* **ABOUT THIS EXERCISE**
Reproduce all of the data exactly. Images are not to appear in the reply.

* **RECORDS FOR THE TASK**
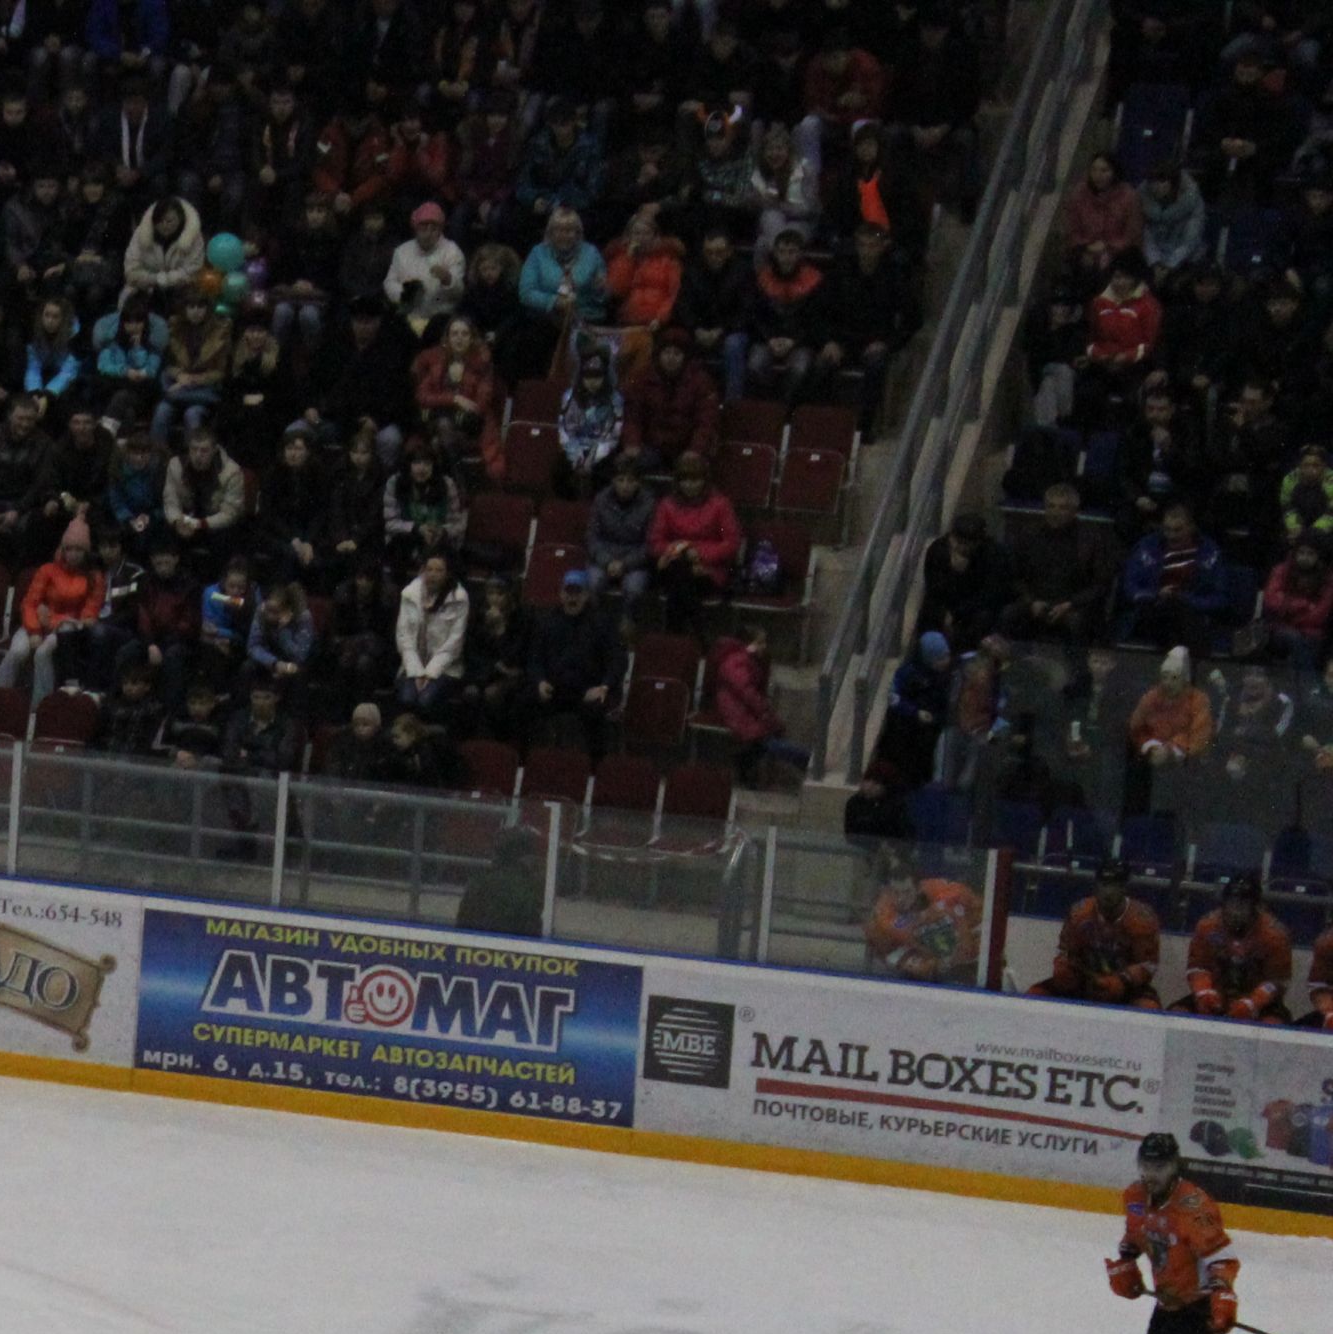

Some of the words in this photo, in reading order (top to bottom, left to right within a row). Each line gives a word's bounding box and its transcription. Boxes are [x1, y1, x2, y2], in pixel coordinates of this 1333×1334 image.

[206, 918, 320, 947] МАГАЗИН
[329, 934, 446, 962] УДОБНЫХ
[456, 949, 578, 977] ПОКУПОК
[193, 1022, 361, 1059] СУПЕРМАРКЕТ
[372, 1044, 576, 1085] АВТОЗАПЧАСТЕЙ
[659, 1031, 717, 1055] MBE
[975, 1042, 1142, 1071] www.mailboxesetc.ru
[213, 1054, 237, 1076] 6,
[324, 1071, 381, 1090] тел.:
[394, 1076, 498, 1109] 8(3955)
[509, 1090, 622, 1119] 61-88-37
[751, 1032, 879, 1082] MAIL
[887, 1049, 1039, 1100] BOXES
[1044, 1066, 1144, 1114] ETC.
[753, 1100, 874, 1130] ПОЧТОВЫЕ,
[879, 1114, 1011, 1145] КУРЬЕРСКИЕ
[1018, 1131, 1098, 1155] УСЛУГИ

* **YOUR RESPONSE**
Some of the words in this photo, in reading order (top to bottom, left to right within a row). Each line gives a word's bounding box and its transcription. Boxes are [x1, y1, x2, y2], in pixel coordinates of this 1333×1334 image.

[206, 918, 320, 947] МАГАЗИН
[329, 934, 446, 962] УДОБНЫХ
[456, 949, 578, 977] ПОКУПОК
[193, 1022, 361, 1059] СУПЕРМАРКЕТ
[372, 1044, 576, 1085] АВТОЗАПЧАСТЕЙ
[659, 1031, 717, 1055] MBE
[975, 1042, 1142, 1071] www.mailboxesetc.ru
[213, 1054, 237, 1076] 6,
[324, 1071, 381, 1090] тел.:
[394, 1076, 498, 1109] 8(3955)
[509, 1090, 622, 1119] 61-88-37
[751, 1032, 879, 1082] MAIL
[887, 1049, 1039, 1100] BOXES
[1044, 1066, 1144, 1114] ETC.
[753, 1100, 874, 1130] ПОЧТОВЫЕ,
[879, 1114, 1011, 1145] КУРЬЕРСКИЕ
[1018, 1131, 1098, 1155] УСЛУГИ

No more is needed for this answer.